Em 1930, Heitor Villa-Lobos criava a Sema [Superintendência de Educação Musical e Artística, que introduzia o ensino da música e do canto coral nas escolas do Rio de Janeiro] e, através dela, semeava a cultura musical tendo como ferramentas a manossolfa e a voz humana. A primeira era um sistema de ditado musical a distância, usando configurações de dedos e conduzindo professores e alunos a cantarem um repertório recolhido por ele mesmo através de todo o país. Já a voz é e era a forma preferida de expressão artística dos brasileiros. Com esses elementos, Villa-Lobos criou o melhor sistema de educação musical do país até 1945.
Em 1960, a eclosão de vários movimentos musicais no Brasil mostrava o quanto nosso grande compositor estava certo. Uma geração impressionante de jovens talentos aparecia e vinha ajudar a nos proteger de nuvens sombrias que pairaram sobre o Brasil até a redemocratização.
Em guerra
Hoje são outras as ameaças, mas igualmente assustadoras. Corrupção, crimes, violência, drogas, burocracia e uma falta de perspectivas para os jovens. Mais do que nunca precisamos recorrer à música para consolidar uma verdadeira educação. O sentimento das crianças nos fala disso durante todo o filme de Malu e Mini. Às vezes de maneira ostensiva e trágica, como a morte de Thiago; outras, sutilmente, como as tiradas de Rafael e Ramon e as dos impagáveis gêmeos da Grota do Surucucu, Walter e Wagner.
A educação musical feita por voluntariado é um exercício difícil mas indispensável para os brasileiros. Ela provoca os organismos oficiais e os retira do marasmo burocrático na solução do futuro dos brasileirinhos, ela ativa as outras artes por poder iluminar caminhos com mais facilidade no sentido da construção das pessoas (cantar em grupo é mais fácil e muito estimulante), ela nos diverte e nos emociona, ela nos conduz ao coração da civilização.
Mas que civilização, se, no século passado, países altamente cultos e educados quase acabaram com o planeta em duas guerras mundiais? Se hoje a guerra brota em cada esquina da terra, no confronto de economias, religiões e culturas?
Estado puro
Defronte de dúvidas tão brutais, ouso me aconchegar nesse maravilhoso Contratempo de Mini e Malu e rezar para que todos recebam o sentimento das crianças, que nos ensina em sua total pureza o que nunca os mais velhos puderam nos ensinar, ou tentaram e não conseguiram.

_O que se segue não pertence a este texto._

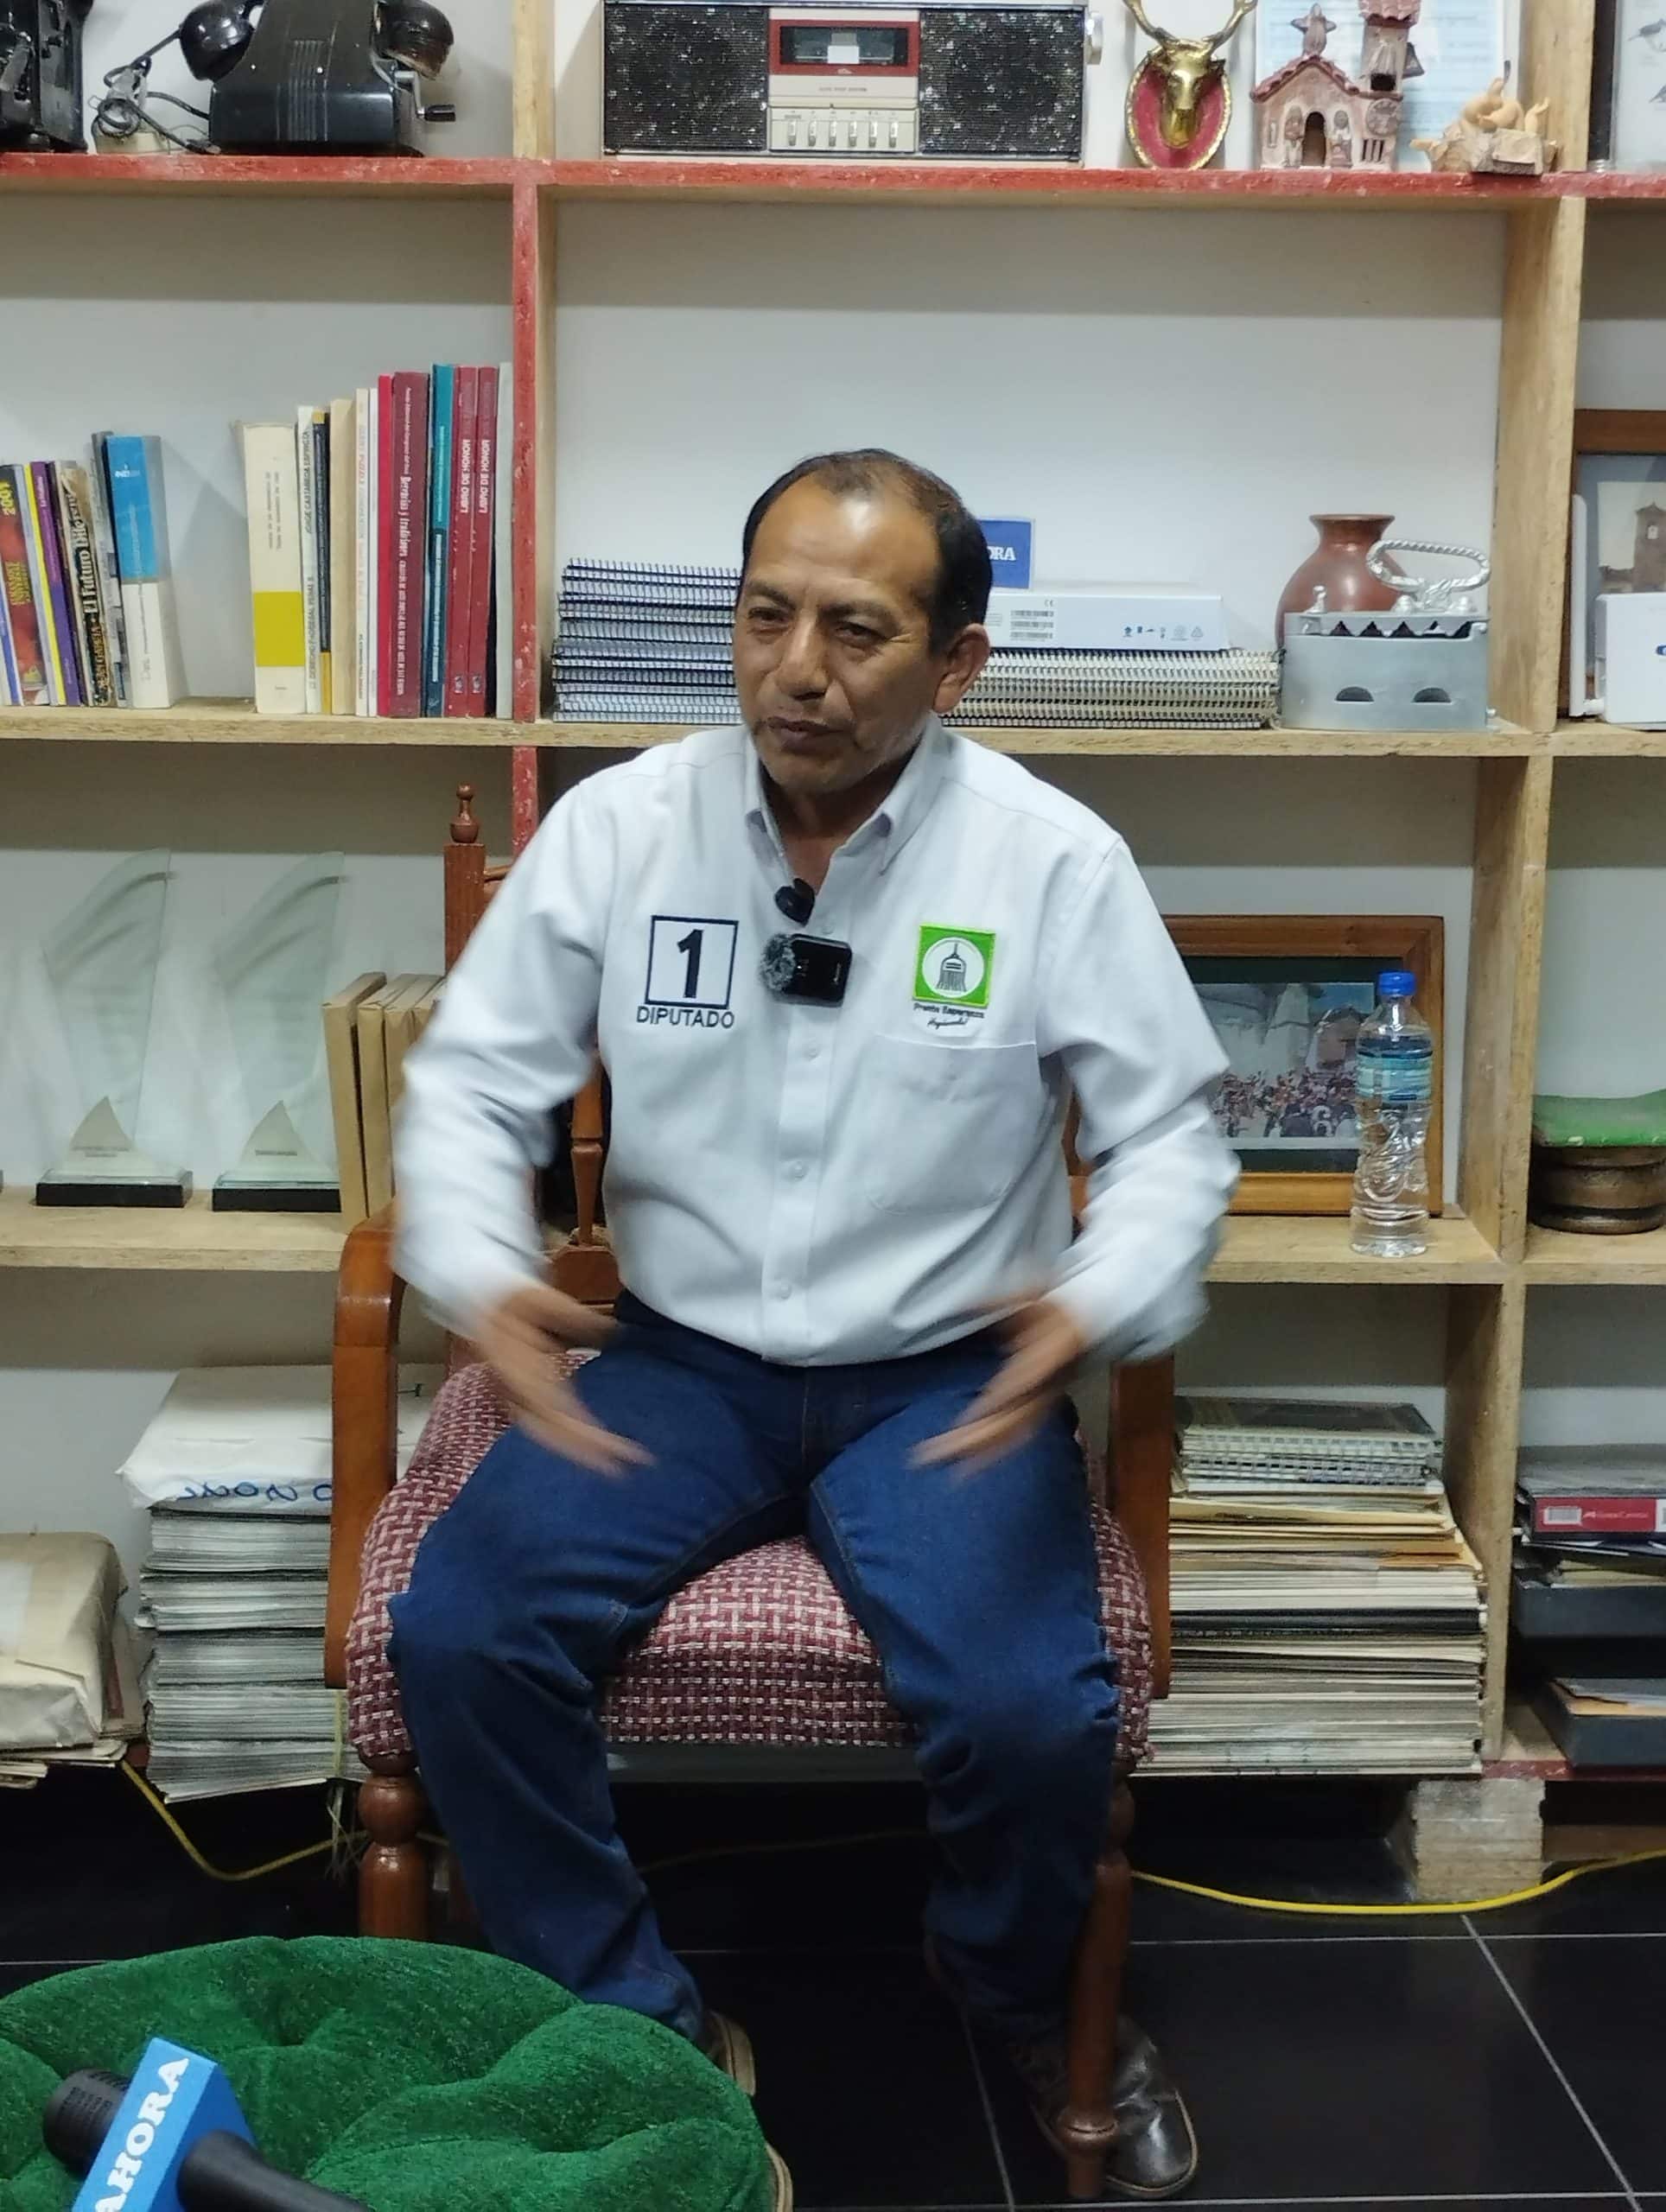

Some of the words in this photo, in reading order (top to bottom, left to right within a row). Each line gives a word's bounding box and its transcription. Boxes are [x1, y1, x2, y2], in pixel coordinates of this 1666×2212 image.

[461, 439, 472, 473] HONOR
[480, 439, 492, 473] HONOR
[461, 473, 470, 486] DE
[480, 474, 490, 486] DE
[460, 486, 471, 513] LIBRO
[478, 486, 490, 513] LIBRO
[79, 550, 99, 597] Futuro
[677, 929, 704, 998] 1
[636, 1005, 735, 1029] DIPUTADO
[95, 2057, 190, 2212] AHORA

Volta a imagem fortíssima de Villa-Lobos, que deixou sua criança interna perpassar toda sua obra e toda sua vida. E não foi o único. Criadores de todas as artes vão buscar a força da criança que já foram e nelas ressuscitam a beleza em estado puro.
Nós, pais, já fomos encarados por aqueles olhinhos reprovadores quando fazíamos algo que não deveríamos. E quantas vezes agradecemos aos céus a presença daqueles pequenos seres a nos salvarem e impedirem desmandos dos quais nos arrependeríamos para sempre?
Viva Rafael, Marcela, Thiago, Pedro, Ramon, Jefferson, Diego, Marcos, Raquel, Walter, Wagner e todos esses queridos meninos músicos que a partir de agora olharão sempre por nós através do mágico Contratempo.